- _Task goal_:
Below is a listing to copy exactly; no image goes into the copy.

= = = = =

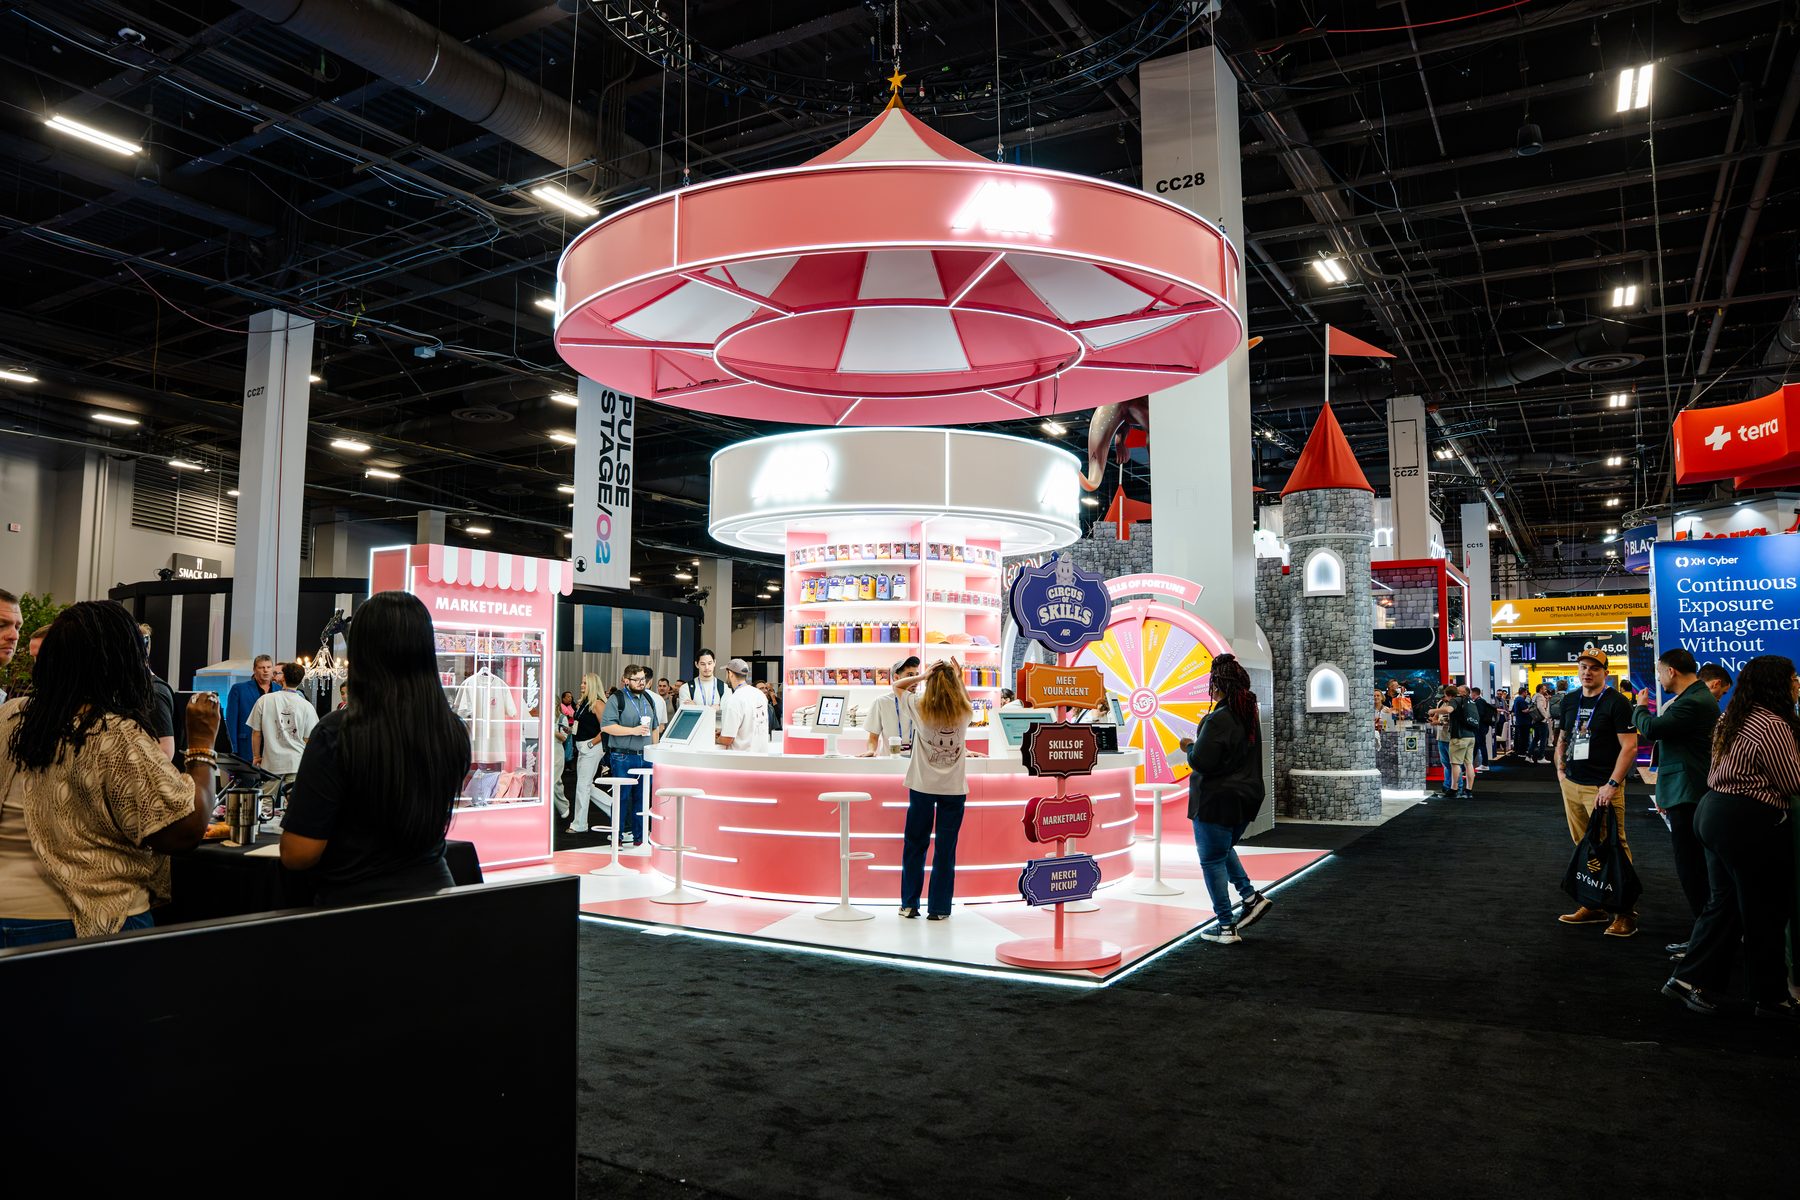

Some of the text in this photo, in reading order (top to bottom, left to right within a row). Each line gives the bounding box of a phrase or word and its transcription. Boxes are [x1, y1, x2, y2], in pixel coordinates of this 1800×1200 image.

[1156, 172, 1206, 194] CC28
[247, 386, 265, 398] CC27
[1737, 418, 1778, 442] terra
[615, 394, 633, 508] PULSE
[1394, 469, 1420, 478] CC22
[1691, 555, 1739, 567] XM Cyber
[179, 567, 203, 580] SNACK
[1128, 580, 1140, 588] OF
[1141, 579, 1186, 594] FORTUNE
[1677, 576, 1797, 593] Continuous
[1048, 586, 1083, 600] CIRCUS
[435, 597, 533, 617] MARKETPLACE
[1038, 603, 1092, 625] SKILLS
[1678, 598, 1774, 617] Exposure
[1680, 636, 1765, 652] Without
[1056, 676, 1077, 685] MEET
[1043, 686, 1089, 696] YOUR AGENT
[1049, 740, 1084, 749] SKILLS OF
[1049, 751, 1083, 760] FORTUNE
[1043, 812, 1087, 826] MARKETPLACE
[1051, 869, 1077, 881] MERCH
[1576, 871, 1613, 892] SYGNIA
[1050, 880, 1078, 892] PICKUP

= = = = =

- _Result of the task_:
Some of the text in this photo, in reading order (top to bottom, left to right within a row). Each line gives the bounding box of a phrase or word and its transcription. Boxes are [x1, y1, x2, y2], in pixel coordinates of this 1800×1200 image.

[1156, 172, 1206, 194] CC28
[247, 386, 265, 398] CC27
[1737, 418, 1778, 442] terra
[615, 394, 633, 508] PULSE
[1394, 469, 1420, 478] CC22
[1691, 555, 1739, 567] XM Cyber
[179, 567, 203, 580] SNACK
[1128, 580, 1140, 588] OF
[1141, 579, 1186, 594] FORTUNE
[1677, 576, 1797, 593] Continuous
[1048, 586, 1083, 600] CIRCUS
[435, 597, 533, 617] MARKETPLACE
[1038, 603, 1092, 625] SKILLS
[1678, 598, 1774, 617] Exposure
[1680, 636, 1765, 652] Without
[1056, 676, 1077, 685] MEET
[1043, 686, 1089, 696] YOUR AGENT
[1049, 740, 1084, 749] SKILLS OF
[1049, 751, 1083, 760] FORTUNE
[1043, 812, 1087, 826] MARKETPLACE
[1051, 869, 1077, 881] MERCH
[1576, 871, 1613, 892] SYGNIA
[1050, 880, 1078, 892] PICKUP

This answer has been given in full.